What to work on:
With pictures excluded, copy word for word the lines in the data below from the line containing "Some of the words" through the line containing "this 1344×1512 image.".

Provided records:
#####

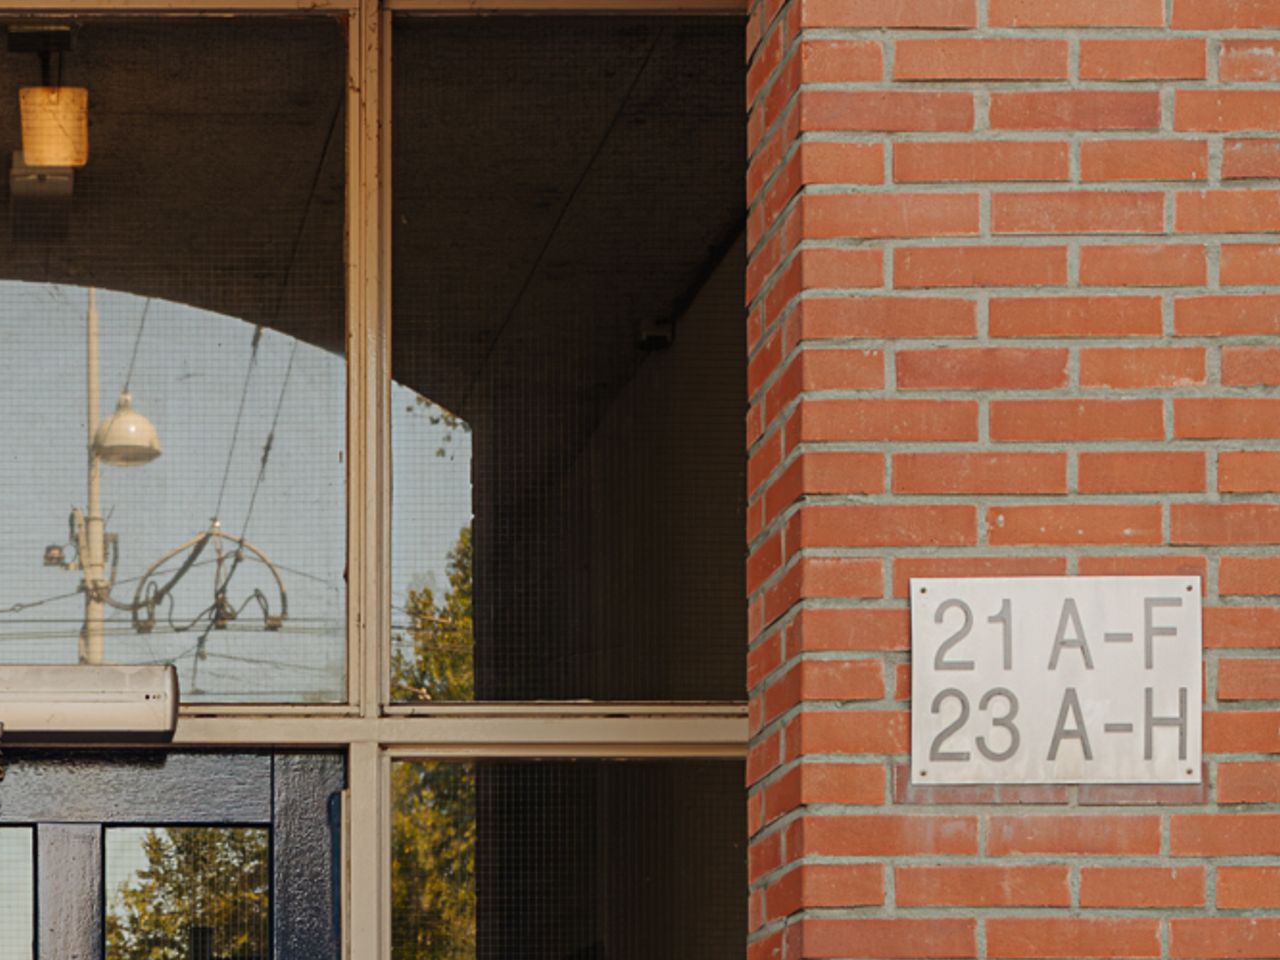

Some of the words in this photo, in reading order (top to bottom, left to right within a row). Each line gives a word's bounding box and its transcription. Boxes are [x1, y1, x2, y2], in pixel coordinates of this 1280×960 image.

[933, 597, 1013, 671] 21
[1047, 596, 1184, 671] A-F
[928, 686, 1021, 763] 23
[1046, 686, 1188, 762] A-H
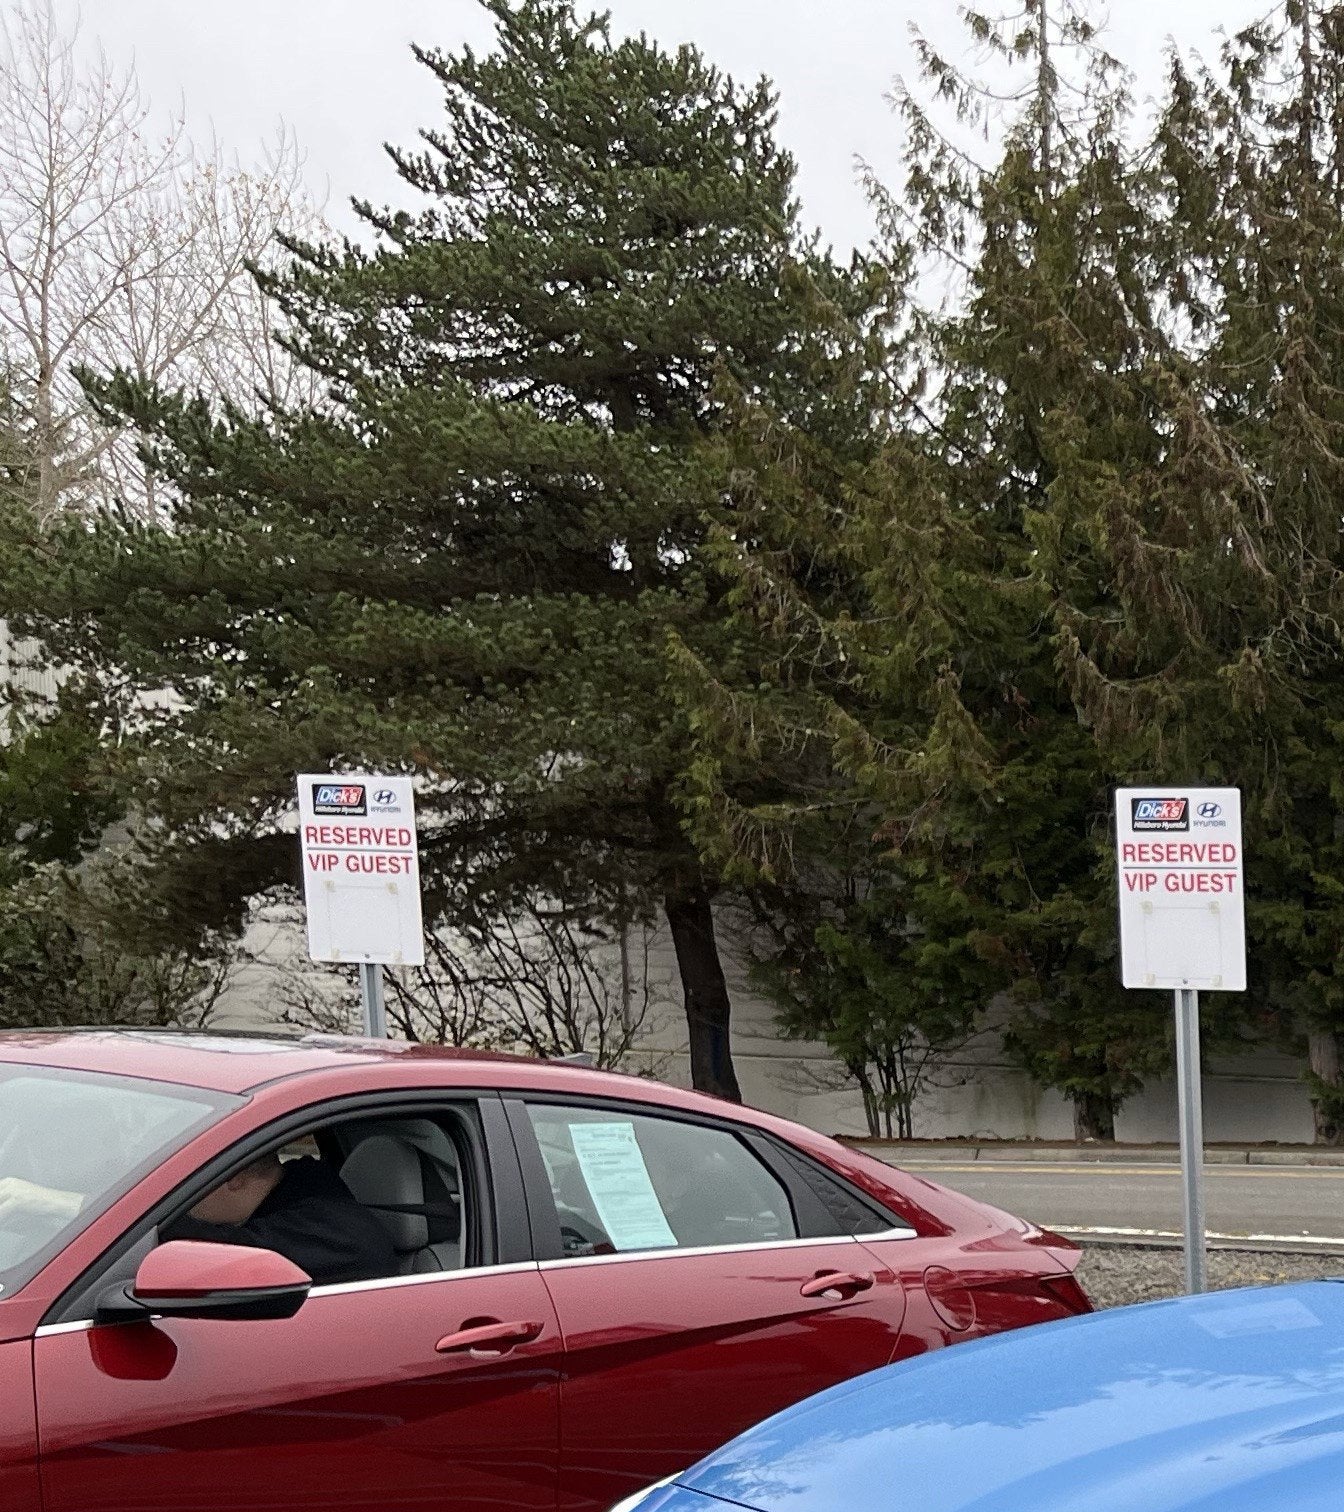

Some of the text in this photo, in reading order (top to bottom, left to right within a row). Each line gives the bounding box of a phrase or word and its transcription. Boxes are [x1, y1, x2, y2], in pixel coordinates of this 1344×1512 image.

#####

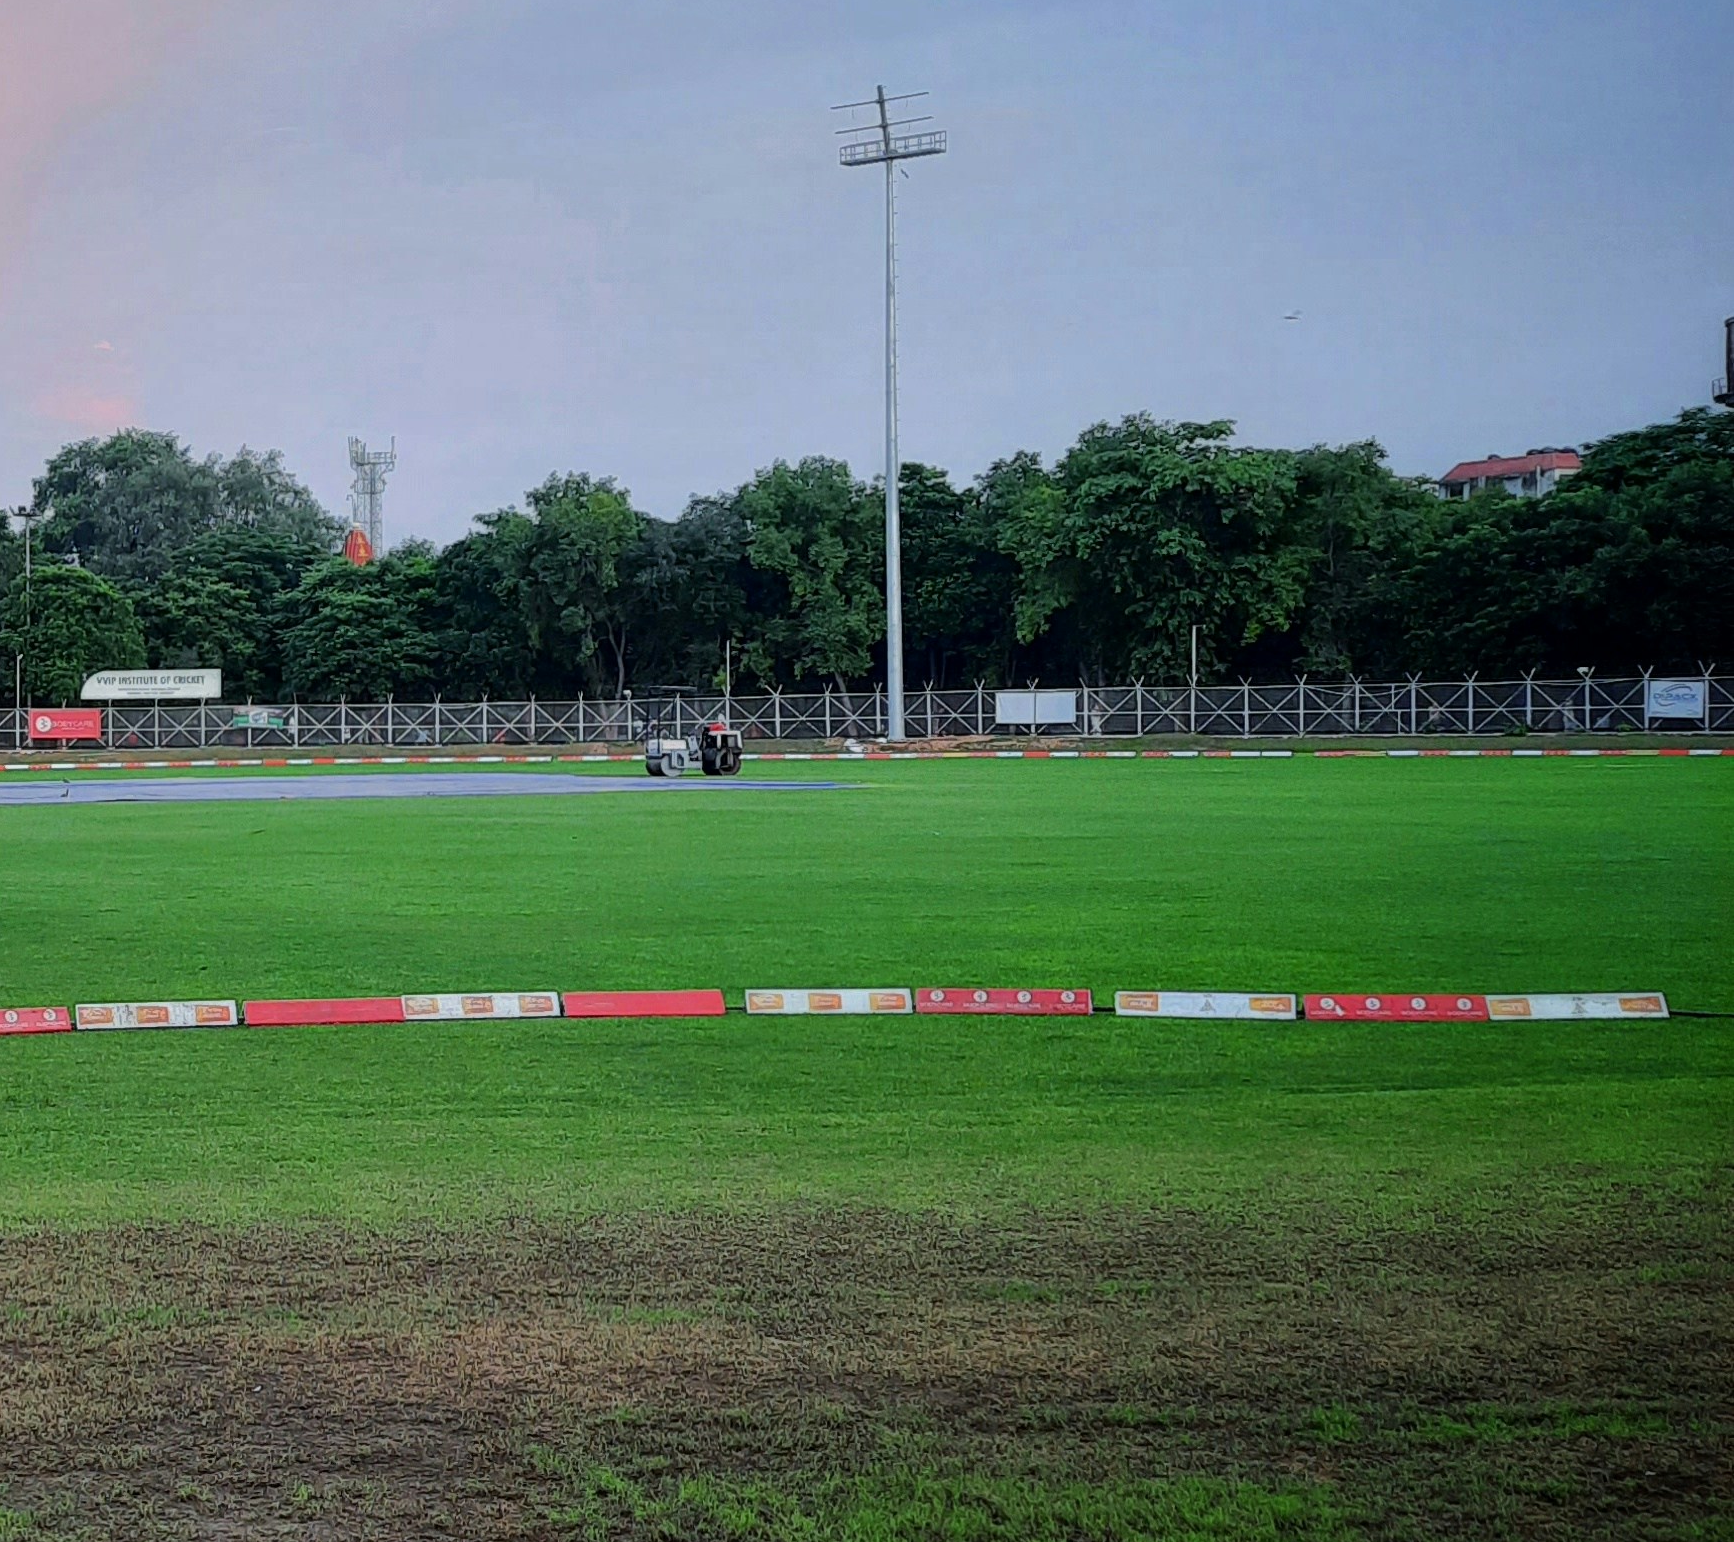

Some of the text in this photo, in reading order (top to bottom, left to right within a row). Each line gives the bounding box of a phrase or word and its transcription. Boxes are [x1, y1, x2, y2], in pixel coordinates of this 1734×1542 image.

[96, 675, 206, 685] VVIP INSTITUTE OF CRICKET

#####

Your response:
Some of the words in this photo, in reading order (top to bottom, left to right within a row). Each line gives a word's bounding box and its transcription. Boxes are [x1, y1, x2, y2], in pixel coordinates of this 1280×960 image.

[933, 597, 1013, 671] 21
[1047, 596, 1184, 671] A-F
[928, 686, 1021, 763] 23
[1046, 686, 1188, 762] A-H

Some of the text in this photo, in reading order (top to bottom, left to right within a row). Each line gives the bounding box of a phrase or word and its transcription. Boxes are [x1, y1, x2, y2], in pixel coordinates of this 1344×1512 image.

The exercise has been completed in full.